PROVIDED RECORDS>
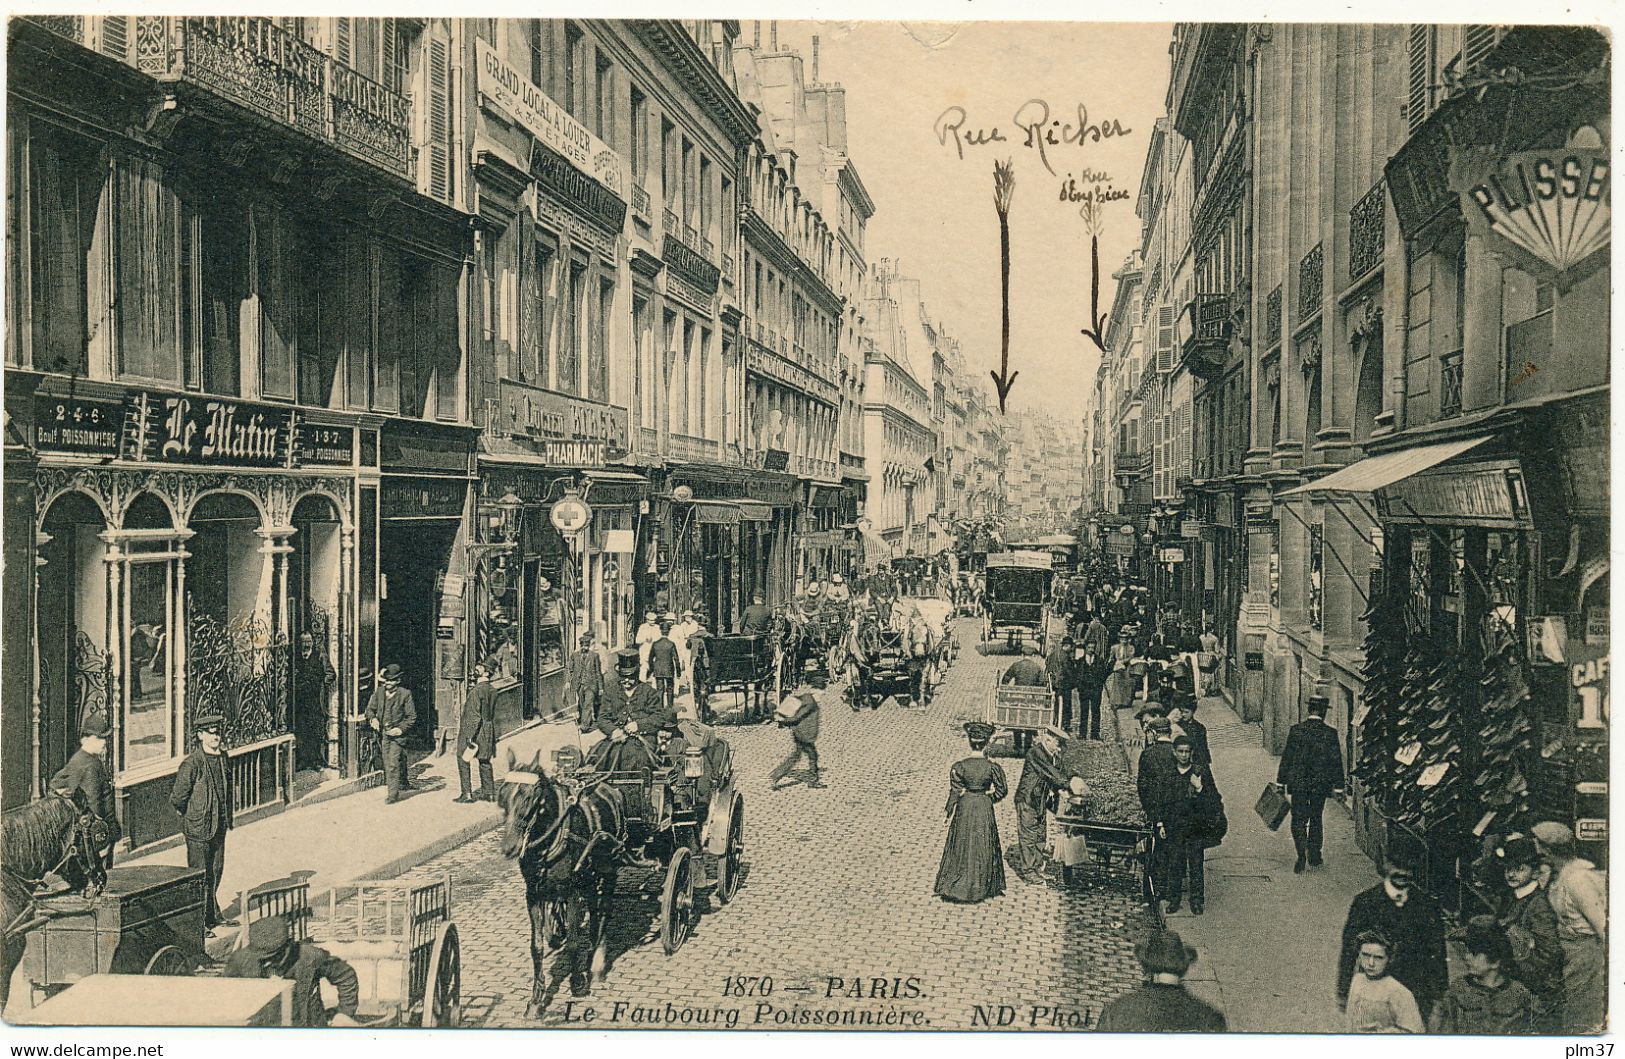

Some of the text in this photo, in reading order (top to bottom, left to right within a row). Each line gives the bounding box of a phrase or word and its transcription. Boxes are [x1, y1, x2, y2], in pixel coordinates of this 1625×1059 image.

[486, 52, 519, 96] GRAND
[522, 81, 551, 124] LOCAL
[563, 116, 591, 154] LOUER
[546, 128, 586, 164] ETAGES
[934, 105, 1007, 160] Rue
[1013, 98, 1132, 177] Richer
[1082, 167, 1113, 184] Rue
[163, 399, 278, 458] Le Matin
[546, 442, 605, 465] PHARMACIE
[1577, 687, 1609, 728] 1

WHAT IS EXPECTED> Would you retype the listing above exactly, omitting its pictures?

YOUR RESPONSE>
Some of the text in this photo, in reading order (top to bottom, left to right within a row). Each line gives the bounding box of a phrase or word and its transcription. Boxes are [x1, y1, x2, y2], in pixel coordinates of this 1625×1059 image.

[486, 52, 519, 96] GRAND
[522, 81, 551, 124] LOCAL
[563, 116, 591, 154] LOUER
[546, 128, 586, 164] ETAGES
[934, 105, 1007, 160] Rue
[1013, 98, 1132, 177] Richer
[1082, 167, 1113, 184] Rue
[163, 399, 278, 458] Le Matin
[546, 442, 605, 465] PHARMACIE
[1577, 687, 1609, 728] 1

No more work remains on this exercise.